As of 31 December 2012, product providers are no longer able to offer commission on their products while advisers cannot receive commission from product providers for advice given to customers. Particular concerns are arising for those individuals with relatively small pension pots that may not get the advice they need as financial advisers concentrate their efforts on supporting clients willing to pay for their advice.
Steve Wright, financial services market director, Capita’s consulting business, commented: “People with small pension pots of, say, below £50k are particularly likely to be left to self serve. This could have damaging consequences for people as they fall victim to ‘default drift’ – firstly as they invest in their pension and then with the options available to them when they come to retire. For example, rather than taking the default insurer annuity, most people would benefit from reviewing the wider market at retirement - if they knew how to. On the plus side, there are many good-value sources of information available and pension auto-enrolment provides an obvious touch point at which employers could signpost how to access these sources.”
Capita’s consulting business represents a diverse group of clients, which naturally responded to RDR differently.

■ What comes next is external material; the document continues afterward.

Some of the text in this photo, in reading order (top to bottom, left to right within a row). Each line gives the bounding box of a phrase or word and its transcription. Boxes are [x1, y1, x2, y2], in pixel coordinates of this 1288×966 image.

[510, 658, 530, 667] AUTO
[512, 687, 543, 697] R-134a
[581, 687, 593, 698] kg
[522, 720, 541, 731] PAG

Responses ranged from minimal compliance for cost purposes or strategies to protect their closed-book business through to those that sought to gain advantage and leverage the opportunity RDR presented.

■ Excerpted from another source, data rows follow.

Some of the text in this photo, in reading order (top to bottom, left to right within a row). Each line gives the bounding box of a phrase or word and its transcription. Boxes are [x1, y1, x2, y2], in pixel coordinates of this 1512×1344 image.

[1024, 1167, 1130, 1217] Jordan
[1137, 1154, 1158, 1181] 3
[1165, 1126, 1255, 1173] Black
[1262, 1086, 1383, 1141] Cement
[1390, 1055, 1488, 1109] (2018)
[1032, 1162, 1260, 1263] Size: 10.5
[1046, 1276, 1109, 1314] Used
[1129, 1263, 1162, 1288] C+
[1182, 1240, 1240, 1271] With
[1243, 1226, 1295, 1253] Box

Steve Wright continued: “Finalising RDR design was a challenge for our customers as they decided how they wanted to implement RDR. It was definitely not a case of ‘one size fits’. However, all of our clients successfully went live on time and we are now working with them to understand how their customers will react in a post-RDR world.
“Anecdotal evidence suggests there’s been an increase in volume of interaction by insurers with end customers. Reasons for this vary – perhaps the customer has chosen not to pay for advice or the IFA has ceased trading. Insurers need to weigh up whether this is an opportunity or a risk for them and how they can manage dealing directly with some customers without alienating intermediaries. We’ll be scrutinising data over the next few months to see whether this trend gathers pace.”